Reproduce every entry in the listing without alteration.

• • • •

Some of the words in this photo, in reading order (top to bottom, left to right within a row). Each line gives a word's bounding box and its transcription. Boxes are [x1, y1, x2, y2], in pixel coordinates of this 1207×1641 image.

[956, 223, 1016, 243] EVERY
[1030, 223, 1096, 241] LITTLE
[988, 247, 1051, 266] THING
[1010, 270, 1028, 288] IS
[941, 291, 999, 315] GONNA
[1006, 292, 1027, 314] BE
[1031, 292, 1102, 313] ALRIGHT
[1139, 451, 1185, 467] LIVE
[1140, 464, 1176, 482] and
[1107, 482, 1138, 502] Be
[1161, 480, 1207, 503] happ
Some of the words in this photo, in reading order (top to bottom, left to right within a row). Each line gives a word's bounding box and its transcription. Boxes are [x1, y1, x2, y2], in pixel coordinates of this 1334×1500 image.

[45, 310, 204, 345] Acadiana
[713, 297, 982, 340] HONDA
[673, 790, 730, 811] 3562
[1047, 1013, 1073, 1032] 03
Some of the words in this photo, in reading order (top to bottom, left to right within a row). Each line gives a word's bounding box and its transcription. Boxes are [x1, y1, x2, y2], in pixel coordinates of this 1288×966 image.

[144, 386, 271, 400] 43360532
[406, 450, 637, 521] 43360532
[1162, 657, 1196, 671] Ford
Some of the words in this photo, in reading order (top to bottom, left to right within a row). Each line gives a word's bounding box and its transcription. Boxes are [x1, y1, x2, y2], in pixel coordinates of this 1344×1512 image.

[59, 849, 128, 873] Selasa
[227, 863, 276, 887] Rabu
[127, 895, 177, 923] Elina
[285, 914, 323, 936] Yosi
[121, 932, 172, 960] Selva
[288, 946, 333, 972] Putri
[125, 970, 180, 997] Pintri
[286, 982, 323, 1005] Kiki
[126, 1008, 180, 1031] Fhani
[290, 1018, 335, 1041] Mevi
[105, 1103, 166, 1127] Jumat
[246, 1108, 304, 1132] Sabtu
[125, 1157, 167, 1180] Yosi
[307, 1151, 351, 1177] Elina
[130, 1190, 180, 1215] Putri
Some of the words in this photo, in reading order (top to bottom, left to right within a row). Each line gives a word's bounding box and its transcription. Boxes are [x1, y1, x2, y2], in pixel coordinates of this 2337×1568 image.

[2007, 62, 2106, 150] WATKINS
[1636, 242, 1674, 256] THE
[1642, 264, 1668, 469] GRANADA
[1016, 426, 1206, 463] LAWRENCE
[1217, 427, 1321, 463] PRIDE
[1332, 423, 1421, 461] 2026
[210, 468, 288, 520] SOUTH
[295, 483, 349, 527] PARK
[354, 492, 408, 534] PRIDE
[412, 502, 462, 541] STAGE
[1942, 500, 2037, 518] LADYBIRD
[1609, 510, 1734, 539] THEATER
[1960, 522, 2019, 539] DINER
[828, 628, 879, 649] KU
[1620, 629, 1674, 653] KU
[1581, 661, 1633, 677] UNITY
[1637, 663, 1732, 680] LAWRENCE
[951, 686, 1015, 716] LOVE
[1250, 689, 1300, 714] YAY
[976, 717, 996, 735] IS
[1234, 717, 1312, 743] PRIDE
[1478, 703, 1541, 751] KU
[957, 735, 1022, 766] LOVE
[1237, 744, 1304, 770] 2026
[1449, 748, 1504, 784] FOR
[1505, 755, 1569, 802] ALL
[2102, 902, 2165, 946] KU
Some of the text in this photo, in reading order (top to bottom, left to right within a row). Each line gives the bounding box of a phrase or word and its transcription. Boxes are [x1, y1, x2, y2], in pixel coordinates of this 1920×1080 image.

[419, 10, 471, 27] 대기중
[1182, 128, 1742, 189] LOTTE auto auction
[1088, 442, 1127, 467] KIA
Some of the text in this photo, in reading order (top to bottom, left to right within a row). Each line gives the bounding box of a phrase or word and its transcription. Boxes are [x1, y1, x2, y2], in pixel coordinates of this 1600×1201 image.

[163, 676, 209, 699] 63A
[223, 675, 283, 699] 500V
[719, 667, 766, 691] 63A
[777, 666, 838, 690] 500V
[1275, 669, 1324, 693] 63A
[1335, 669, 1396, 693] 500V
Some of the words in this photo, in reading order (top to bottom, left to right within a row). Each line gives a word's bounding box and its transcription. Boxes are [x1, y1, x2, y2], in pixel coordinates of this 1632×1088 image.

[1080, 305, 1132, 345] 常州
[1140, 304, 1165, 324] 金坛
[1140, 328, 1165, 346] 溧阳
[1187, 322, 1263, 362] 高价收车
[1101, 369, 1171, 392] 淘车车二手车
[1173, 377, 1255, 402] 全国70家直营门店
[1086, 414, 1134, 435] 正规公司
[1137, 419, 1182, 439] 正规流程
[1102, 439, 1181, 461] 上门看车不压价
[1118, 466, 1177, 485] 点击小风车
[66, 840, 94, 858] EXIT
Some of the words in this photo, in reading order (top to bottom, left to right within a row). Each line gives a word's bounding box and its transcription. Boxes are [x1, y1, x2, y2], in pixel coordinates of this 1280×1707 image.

• • • •

__RESULT BELOW__.
Some of the words in this photo, in reading order (top to bottom, left to right within a row). Each line gives a word's bounding box and its transcription. Boxes are [x1, y1, x2, y2], in pixel coordinates of this 1207×1641 image.

[956, 223, 1016, 243] EVERY
[1030, 223, 1096, 241] LITTLE
[988, 247, 1051, 266] THING
[1010, 270, 1028, 288] IS
[941, 291, 999, 315] GONNA
[1006, 292, 1027, 314] BE
[1031, 292, 1102, 313] ALRIGHT
[1139, 451, 1185, 467] LIVE
[1140, 464, 1176, 482] and
[1107, 482, 1138, 502] Be
[1161, 480, 1207, 503] happ
Some of the words in this photo, in reading order (top to bottom, left to right within a row). Each line gives a word's bounding box and its transcription. Boxes are [x1, y1, x2, y2], in pixel coordinates of this 1334×1500 image.

[45, 310, 204, 345] Acadiana
[713, 297, 982, 340] HONDA
[673, 790, 730, 811] 3562
[1047, 1013, 1073, 1032] 03
Some of the words in this photo, in reading order (top to bottom, left to right within a row). Each line gives a word's bounding box and its transcription. Boxes are [x1, y1, x2, y2], in pixel coordinates of this 1288×966 image.

[144, 386, 271, 400] 43360532
[406, 450, 637, 521] 43360532
[1162, 657, 1196, 671] Ford
Some of the words in this photo, in reading order (top to bottom, left to right within a row). Each line gives a word's bounding box and its transcription. Boxes are [x1, y1, x2, y2], in pixel coordinates of this 1344×1512 image.

[59, 849, 128, 873] Selasa
[227, 863, 276, 887] Rabu
[127, 895, 177, 923] Elina
[285, 914, 323, 936] Yosi
[121, 932, 172, 960] Selva
[288, 946, 333, 972] Putri
[125, 970, 180, 997] Pintri
[286, 982, 323, 1005] Kiki
[126, 1008, 180, 1031] Fhani
[290, 1018, 335, 1041] Mevi
[105, 1103, 166, 1127] Jumat
[246, 1108, 304, 1132] Sabtu
[125, 1157, 167, 1180] Yosi
[307, 1151, 351, 1177] Elina
[130, 1190, 180, 1215] Putri
Some of the words in this photo, in reading order (top to bottom, left to right within a row). Each line gives a word's bounding box and its transcription. Boxes are [x1, y1, x2, y2], in pixel coordinates of this 2337×1568 image.

[2007, 62, 2106, 150] WATKINS
[1636, 242, 1674, 256] THE
[1642, 264, 1668, 469] GRANADA
[1016, 426, 1206, 463] LAWRENCE
[1217, 427, 1321, 463] PRIDE
[1332, 423, 1421, 461] 2026
[210, 468, 288, 520] SOUTH
[295, 483, 349, 527] PARK
[354, 492, 408, 534] PRIDE
[412, 502, 462, 541] STAGE
[1942, 500, 2037, 518] LADYBIRD
[1609, 510, 1734, 539] THEATER
[1960, 522, 2019, 539] DINER
[828, 628, 879, 649] KU
[1620, 629, 1674, 653] KU
[1581, 661, 1633, 677] UNITY
[1637, 663, 1732, 680] LAWRENCE
[951, 686, 1015, 716] LOVE
[1250, 689, 1300, 714] YAY
[976, 717, 996, 735] IS
[1234, 717, 1312, 743] PRIDE
[1478, 703, 1541, 751] KU
[957, 735, 1022, 766] LOVE
[1237, 744, 1304, 770] 2026
[1449, 748, 1504, 784] FOR
[1505, 755, 1569, 802] ALL
[2102, 902, 2165, 946] KU
Some of the text in this photo, in reading order (top to bottom, left to right within a row). Each line gives the bounding box of a phrase or word and its transcription. Boxes are [x1, y1, x2, y2], in pixel coordinates of this 1920×1080 image.

[419, 10, 471, 27] 대기중
[1182, 128, 1742, 189] LOTTE auto auction
[1088, 442, 1127, 467] KIA
Some of the text in this photo, in reading order (top to bottom, left to right within a row). Each line gives the bounding box of a phrase or word and its transcription. Boxes are [x1, y1, x2, y2], in pixel coordinates of this 1600×1201 image.

[163, 676, 209, 699] 63A
[223, 675, 283, 699] 500V
[719, 667, 766, 691] 63A
[777, 666, 838, 690] 500V
[1275, 669, 1324, 693] 63A
[1335, 669, 1396, 693] 500V
Some of the words in this photo, in reading order (top to bottom, left to right within a row). Each line gives a word's bounding box and its transcription. Boxes are [x1, y1, x2, y2], in pixel coordinates of this 1632×1088 image.

[1080, 305, 1132, 345] 常州
[1140, 304, 1165, 324] 金坛
[1140, 328, 1165, 346] 溧阳
[1187, 322, 1263, 362] 高价收车
[1101, 369, 1171, 392] 淘车车二手车
[1173, 377, 1255, 402] 全国70家直营门店
[1086, 414, 1134, 435] 正规公司
[1137, 419, 1182, 439] 正规流程
[1102, 439, 1181, 461] 上门看车不压价
[1118, 466, 1177, 485] 点击小风车
[66, 840, 94, 858] EXIT
Some of the words in this photo, in reading order (top to bottom, left to right within a row). Each line gives a word's bounding box and its transcription. Boxes are [x1, y1, x2, y2], in pixel coordinates of this 1280×1707 image.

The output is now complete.